Data shown:
-- Opening Marker --

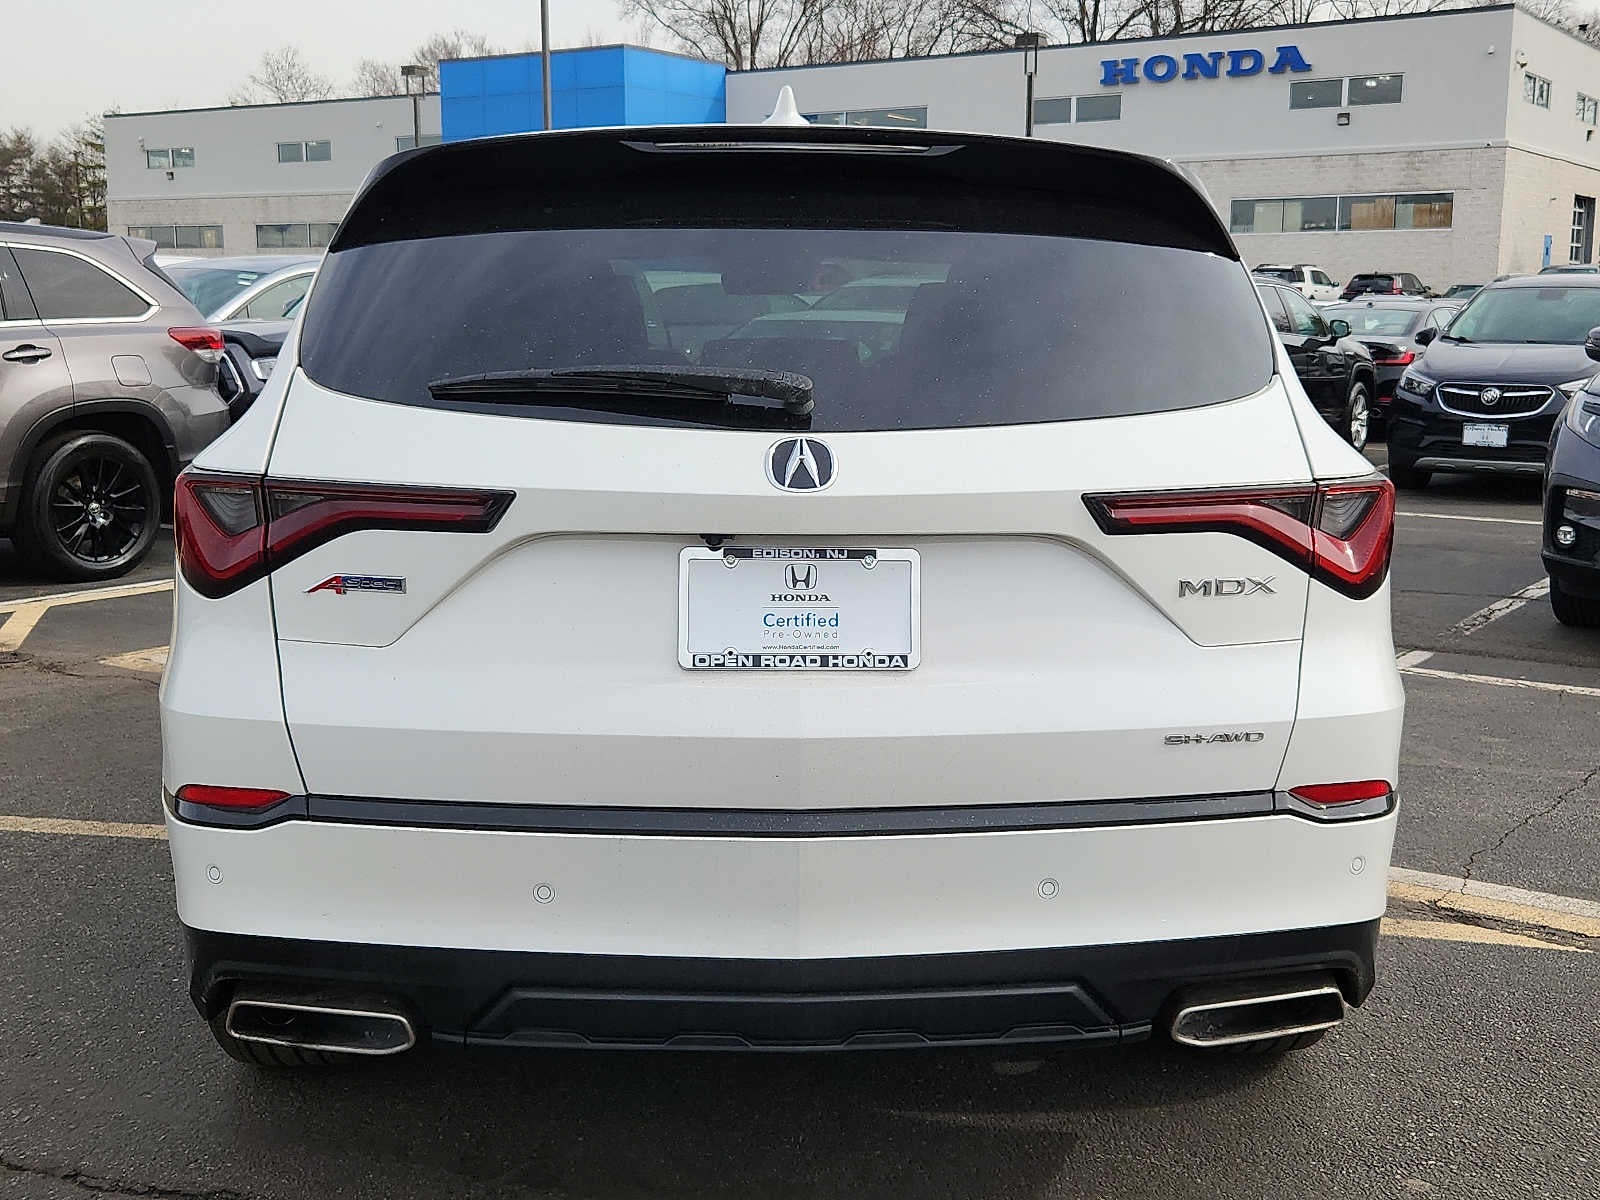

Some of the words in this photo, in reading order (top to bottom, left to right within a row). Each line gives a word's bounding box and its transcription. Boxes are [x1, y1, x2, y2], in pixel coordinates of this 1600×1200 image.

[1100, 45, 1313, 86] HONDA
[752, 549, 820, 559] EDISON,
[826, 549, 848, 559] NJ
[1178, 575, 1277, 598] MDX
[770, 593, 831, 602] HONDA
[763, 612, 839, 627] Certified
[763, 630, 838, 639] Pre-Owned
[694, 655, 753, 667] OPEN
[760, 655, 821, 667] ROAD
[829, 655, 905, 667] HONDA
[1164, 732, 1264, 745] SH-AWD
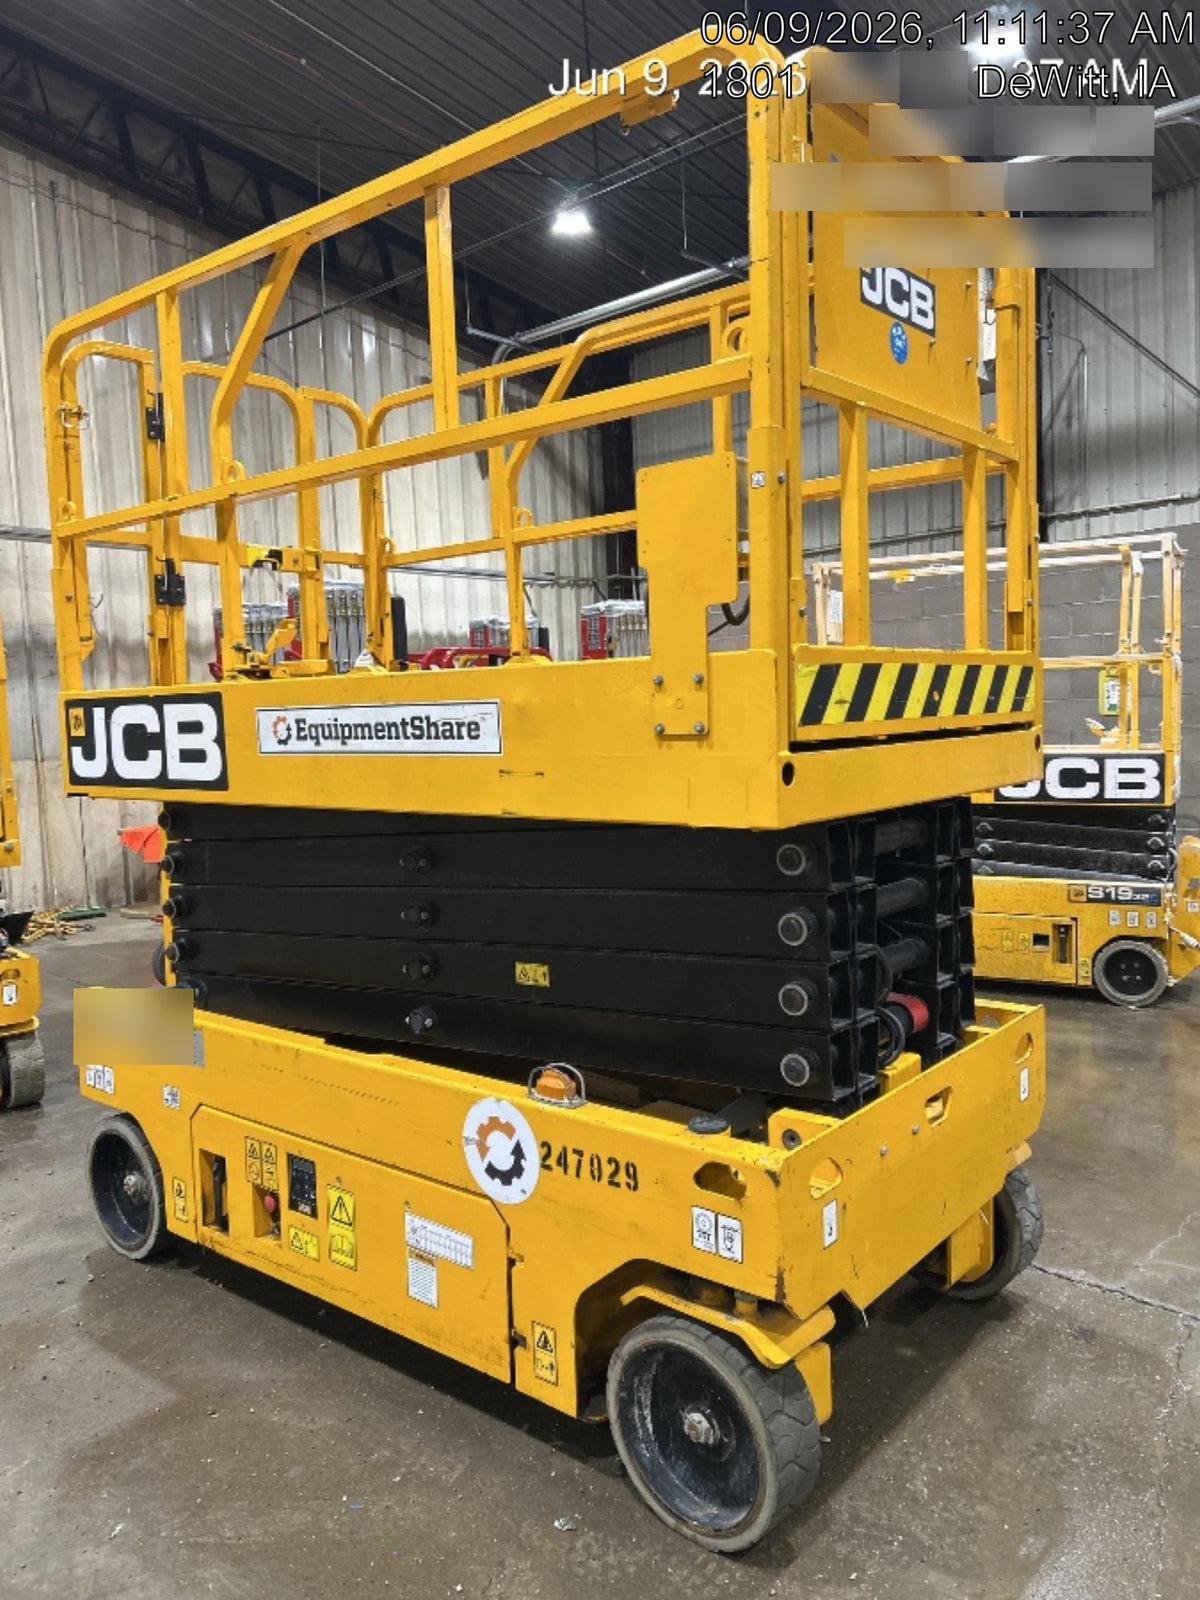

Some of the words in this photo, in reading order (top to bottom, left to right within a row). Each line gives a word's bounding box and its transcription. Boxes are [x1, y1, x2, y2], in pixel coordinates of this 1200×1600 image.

-- Closing Marker --
-- Opening Marker --

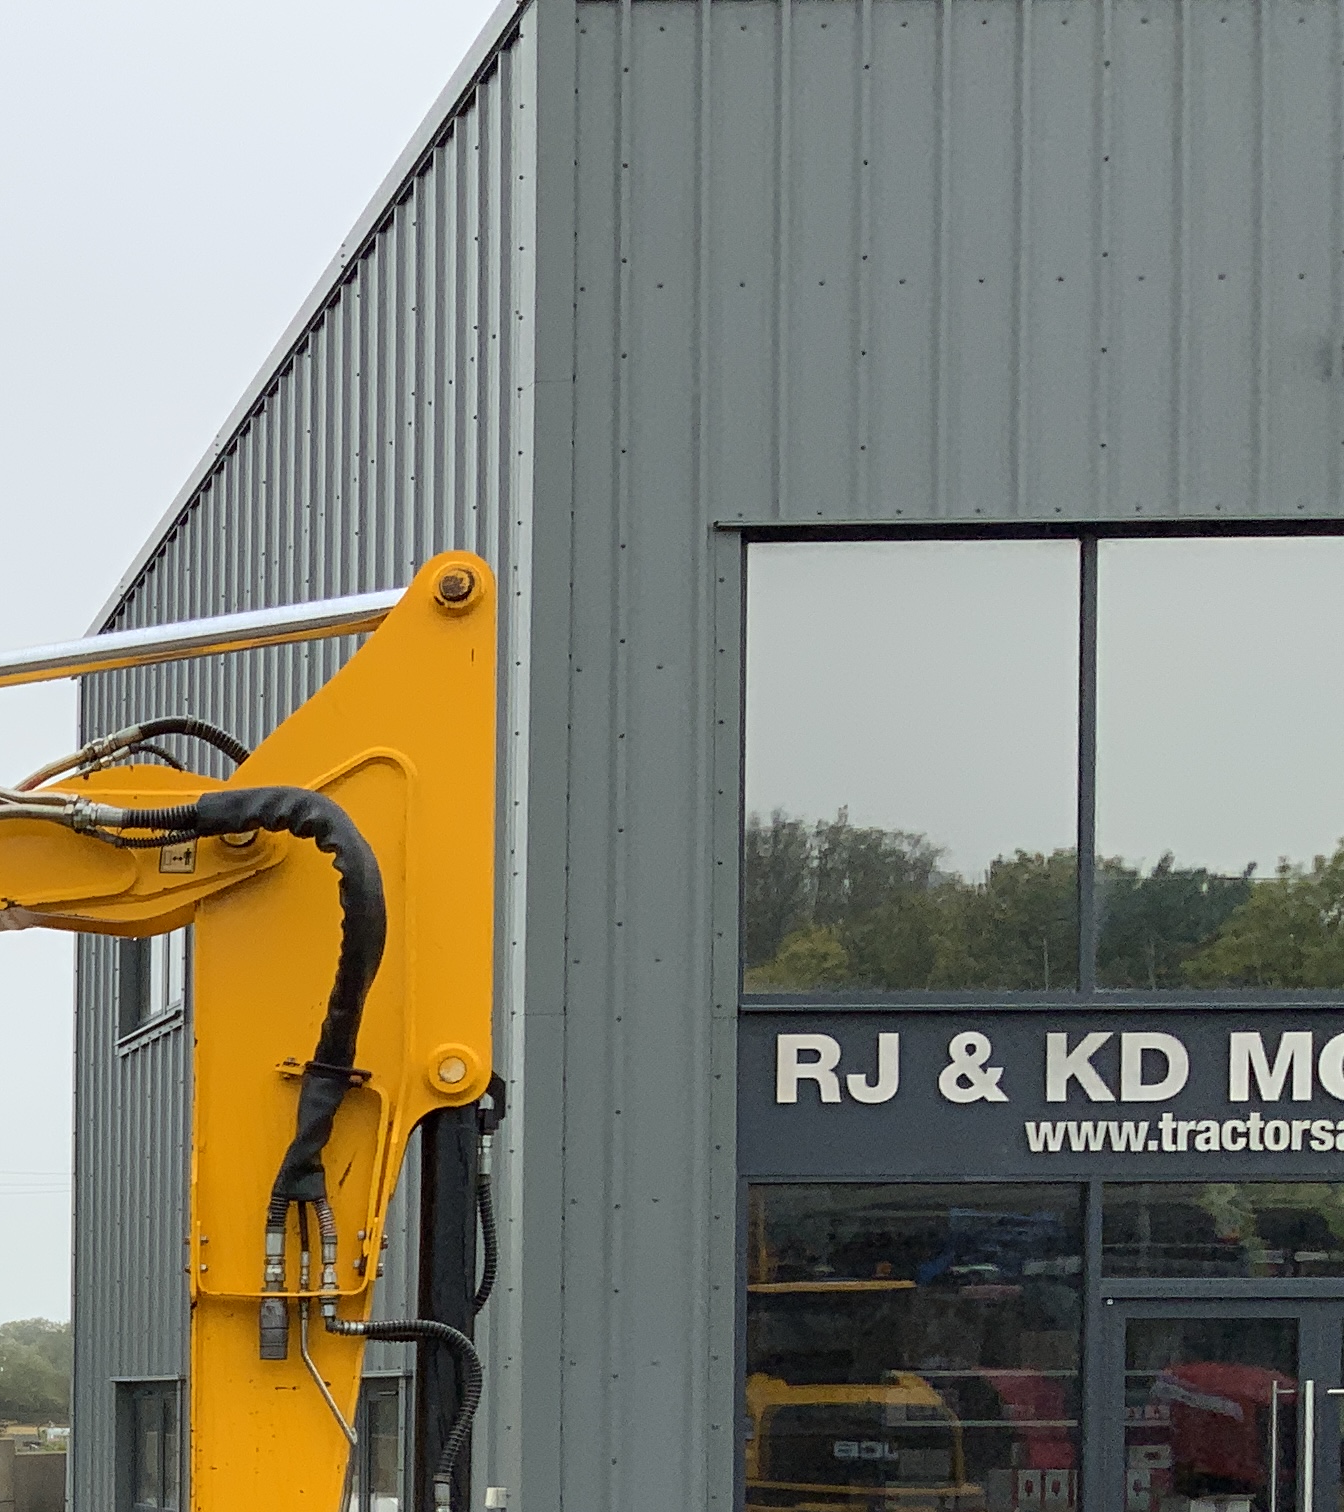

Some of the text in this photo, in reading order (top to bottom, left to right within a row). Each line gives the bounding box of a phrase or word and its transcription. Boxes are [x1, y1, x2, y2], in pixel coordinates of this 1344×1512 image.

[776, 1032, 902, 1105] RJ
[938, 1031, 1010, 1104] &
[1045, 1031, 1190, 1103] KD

-- Closing Marker --

Task to complete:
Could you transcribe exactly the entries above, but only the lines from the one with "this 1600×1200 image." through the one with "this 1200×1600 image.", and without pictures?

Output of the task:
Some of the words in this photo, in reading order (top to bottom, left to right within a row). Each line gives a word's bounding box and its transcription. Boxes are [x1, y1, x2, y2], in pixel coordinates of this 1600×1200 image.

[1100, 45, 1313, 86] HONDA
[752, 549, 820, 559] EDISON,
[826, 549, 848, 559] NJ
[1178, 575, 1277, 598] MDX
[770, 593, 831, 602] HONDA
[763, 612, 839, 627] Certified
[763, 630, 838, 639] Pre-Owned
[694, 655, 753, 667] OPEN
[760, 655, 821, 667] ROAD
[829, 655, 905, 667] HONDA
[1164, 732, 1264, 745] SH-AWD

Some of the words in this photo, in reading order (top to bottom, left to right within a row). Each line gives a word's bounding box and its transcription. Boxes are [x1, y1, x2, y2], in pixel coordinates of this 1200×1600 image.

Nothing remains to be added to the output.